What are Plantar Warts?
by: David Chandler
Plantar warts are a common skin infection on the bottom (plantar) side of your foot. About 10 percent of teenagers have plantar warts. Using a public shower or walking around the locker room in your bare feet after a workout increases your risk for developing plantar warts.
Cause and symptoms
Contrary to the old folk tale, you cannot get warts from touching a toad. A virus that enters the body through a break in the skin causes plantar warts. The virus develops in moist environments, warm, such as those created in your shoes when your feet perspire and the moisture is decoyed. Plantar warts often spread to other areas of the foot, increase in size, and have "babies," resulting in a cluster that resembles a mosaic.
Plantar warts can erupt anywhere on the sole of the foot. They may be difficult to differentiate from calluses. However, you may be able to see tiny blackish spots on the surface layer of a plantar wart. These are the ends of capillary blood vessels. Calluses have no blood vessels; they generally look like yellowish candle wax and are located only over weight bearing areas.
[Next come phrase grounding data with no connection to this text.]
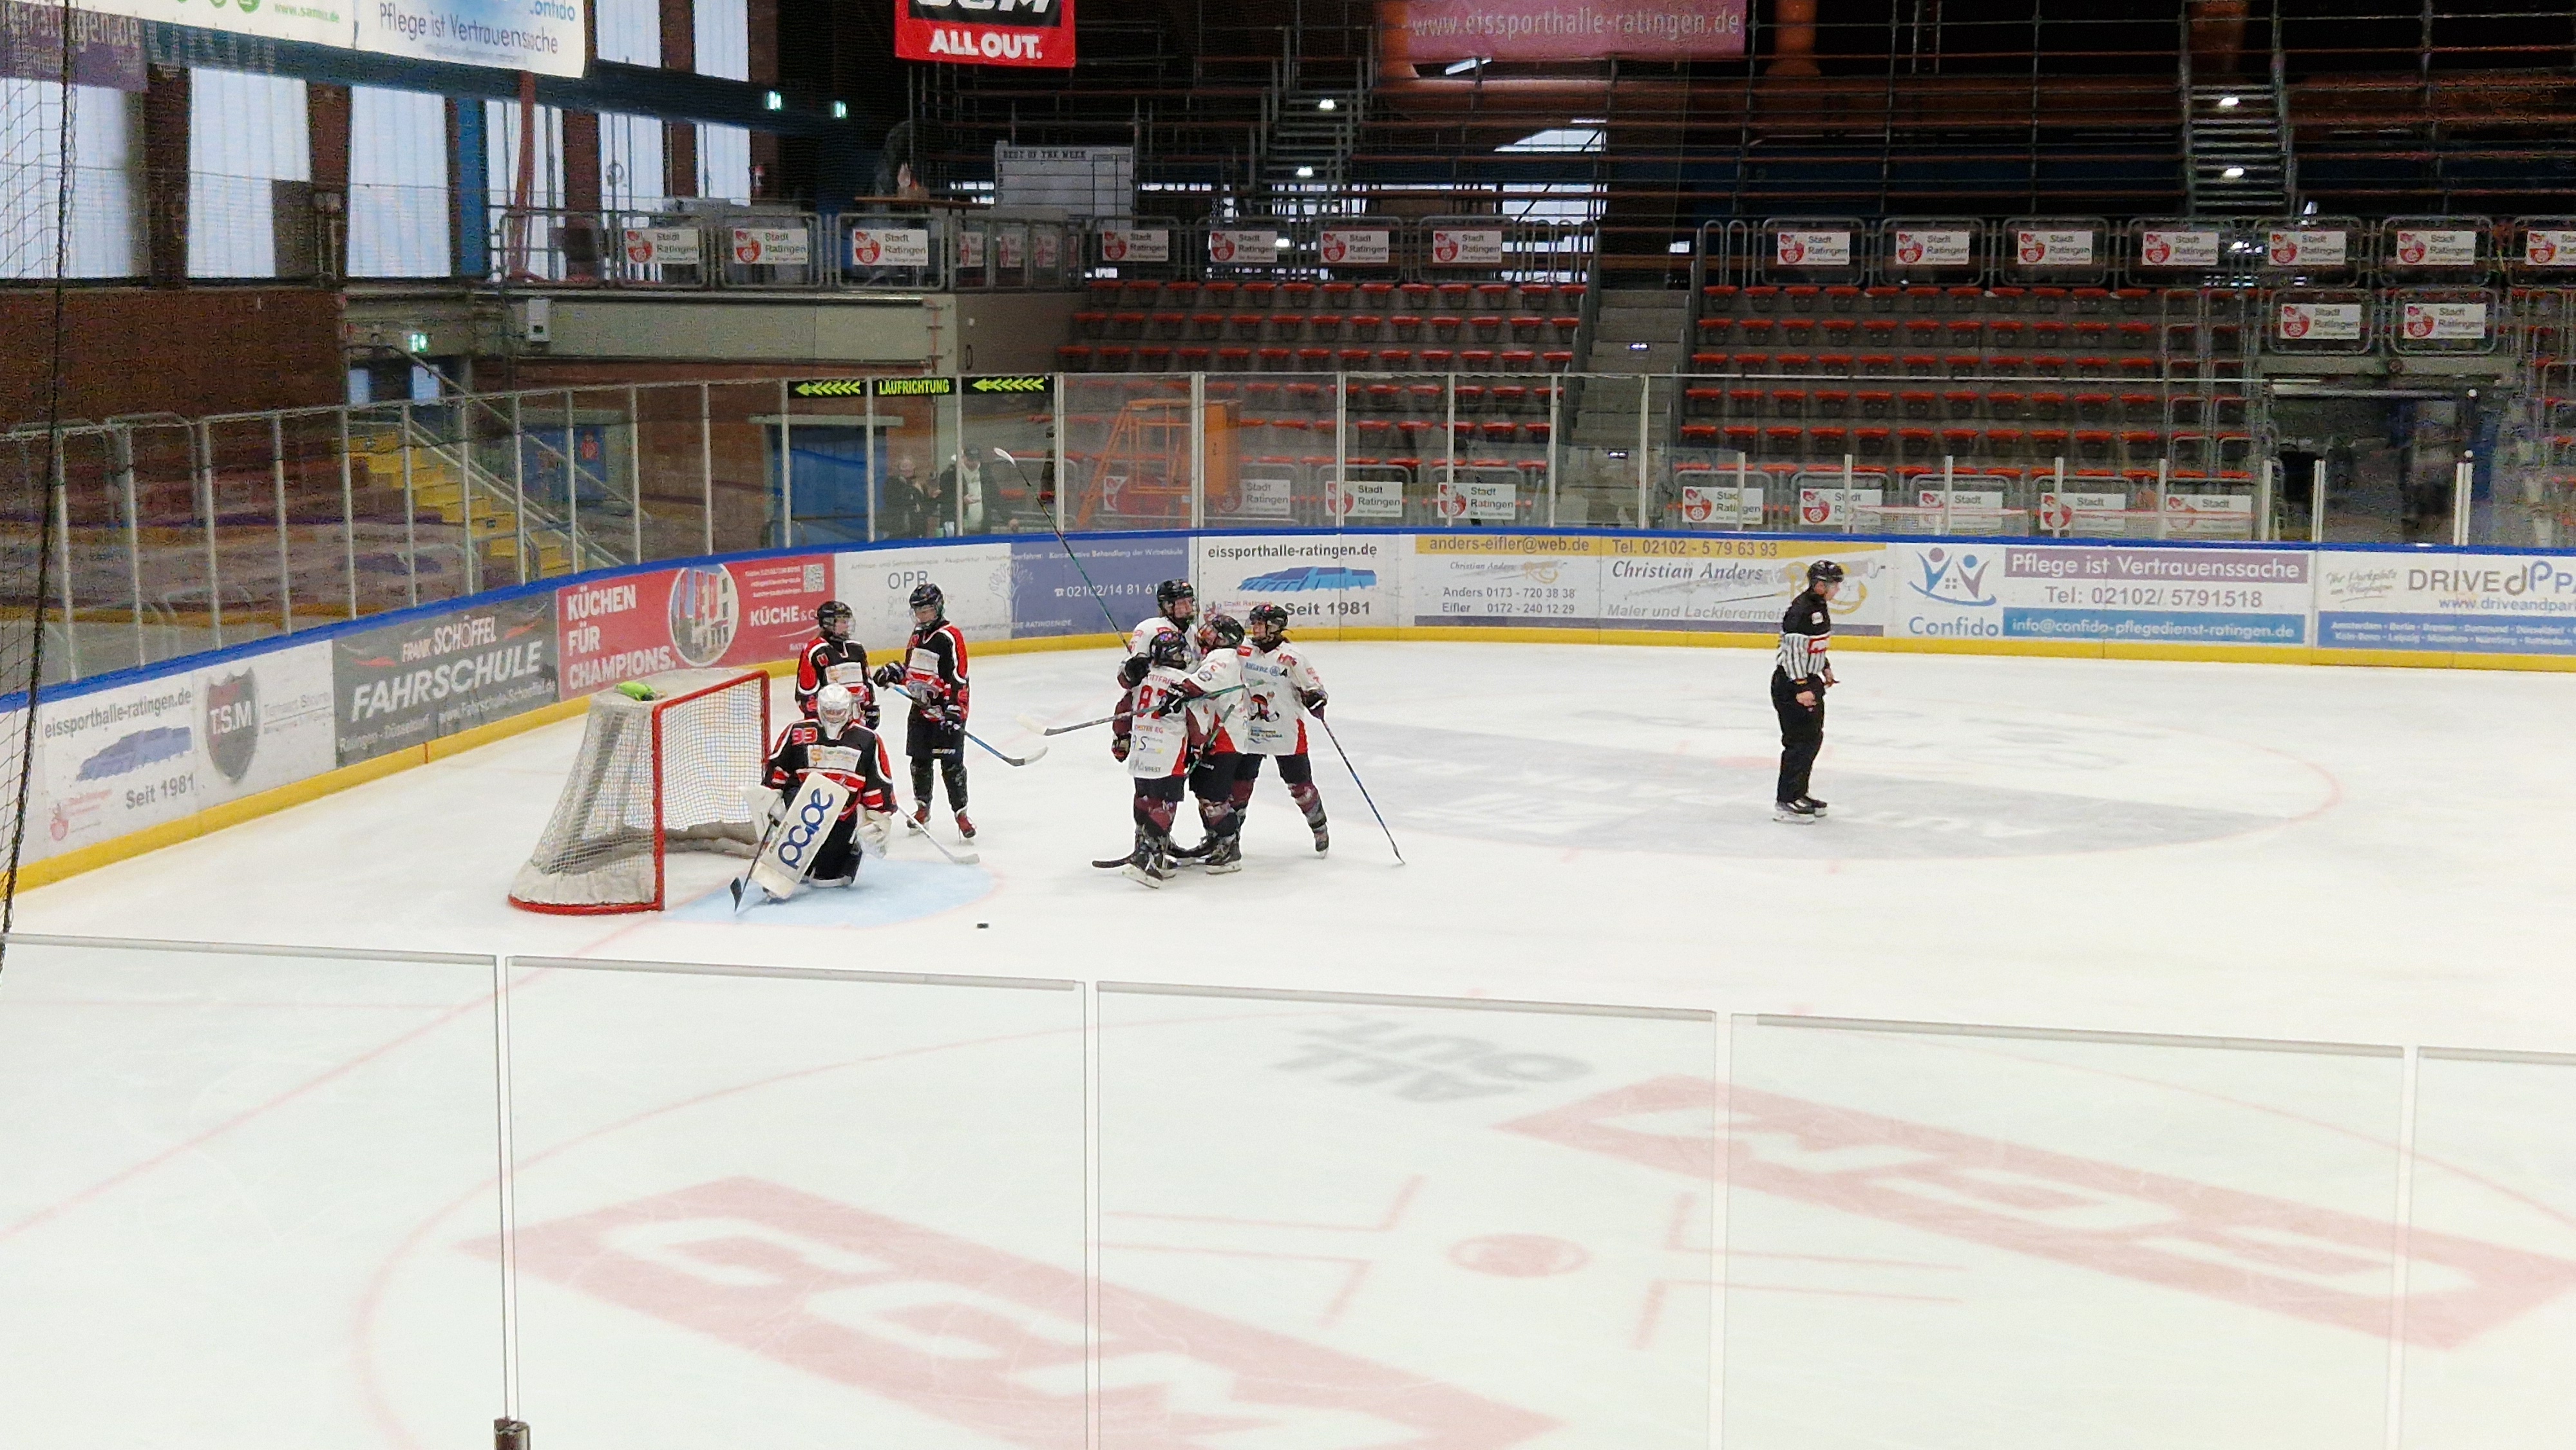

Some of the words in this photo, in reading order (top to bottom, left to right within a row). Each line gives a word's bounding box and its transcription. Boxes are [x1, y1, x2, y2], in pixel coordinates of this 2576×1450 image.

[529, 0, 576, 21] onfido
[379, 3, 426, 42] Pflege
[431, 11, 446, 39] ist
[1411, 8, 1739, 39] www.eissporthalle-ratingen.de
[929, 29, 979, 56] ALL
[981, 32, 1043, 59] OUT.
[878, 379, 950, 395] LAUFRICHTUNG
[1358, 485, 1383, 494] Stadt
[1470, 487, 1496, 496] Stadt
[1834, 493, 1861, 501] Stdt
[1247, 494, 1289, 504] Ratingen
[1358, 497, 1400, 507] Ratingen
[1470, 499, 1513, 510] Ratingen
[1954, 496, 1982, 504] Stadt
[1716, 504, 1761, 514] Ratigen
[1208, 543, 1378, 560] eissporthalle-ratingen.de
[1430, 536, 1589, 554] anders-eifler@web.de
[1613, 541, 1636, 554] Tel.
[1642, 540, 1686, 555] 02102
[1702, 541, 1710, 554] 5
[1716, 541, 1732, 556] 79
[1738, 542, 1754, 556] 63
[1760, 542, 1777, 556] 93
[1612, 560, 1693, 579] Christian
[1700, 561, 1763, 581] Anders
[2012, 554, 2078, 574] Pflege
[2085, 555, 2110, 572] ist
[2117, 556, 2300, 578] Vertrauenssache
[1127, 583, 1140, 596] 81
[1443, 587, 1482, 598] Anders
[1486, 588, 1512, 598] 0173
[1524, 588, 1542, 598] 720
[1546, 588, 1558, 599] 38
[1562, 589, 1575, 599] 38
[2045, 585, 2083, 603] Tel:
[2091, 587, 2163, 605] 02102/
[2172, 590, 2263, 608] 5791518
[567, 584, 636, 621] KÜCHEN
[1285, 602, 1320, 616] Seit
[1327, 601, 1370, 615] 1981
[1442, 602, 1471, 612] Eifler
[1487, 603, 1512, 612] 0172
[1524, 603, 1542, 613] 240
[1547, 603, 1558, 613] 12
[1562, 604, 1575, 614] 29
[2439, 596, 2576, 611] www.driveandpar
[750, 605, 799, 627] KÜCHE
[800, 610, 807, 621] &
[1607, 604, 1647, 617] Maler
[1653, 605, 1680, 618] und
[1684, 605, 1785, 620] Lackierermeis
[433, 615, 497, 655] SCHÖFFEL
[1909, 616, 1999, 637] Confido
[2012, 618, 2295, 639] info@confido-pflegedienst-ratingen.de
[568, 626, 600, 656] FÜR
[569, 645, 676, 691] CHAMPIONS.
[352, 639, 544, 722] FAHRSCHULE
[44, 687, 192, 739] eissporthalle-ratingen.de
[125, 784, 156, 810] Seit
[160, 773, 195, 801] 1981
Plantar warts can be tender and very painful. Standing and walking push the warts flat. Plantar warts grow up into the skin, making it feel like there is a stone in your shoe.
Treatment
Although plantar warts may incidentally disappear by themselves, you should seek treatment if they are painful. Your doctor will cautiously trim the plantar warts and apply a chemically treated dressing. The physician will also give you instructions for self-care. Salicylic acid patches, applied on a daily basis, and good foot hygiene, including regular use of a pumice stone, are often all that is needed. However, it may take several weeks for the plantar wart to disappear completely.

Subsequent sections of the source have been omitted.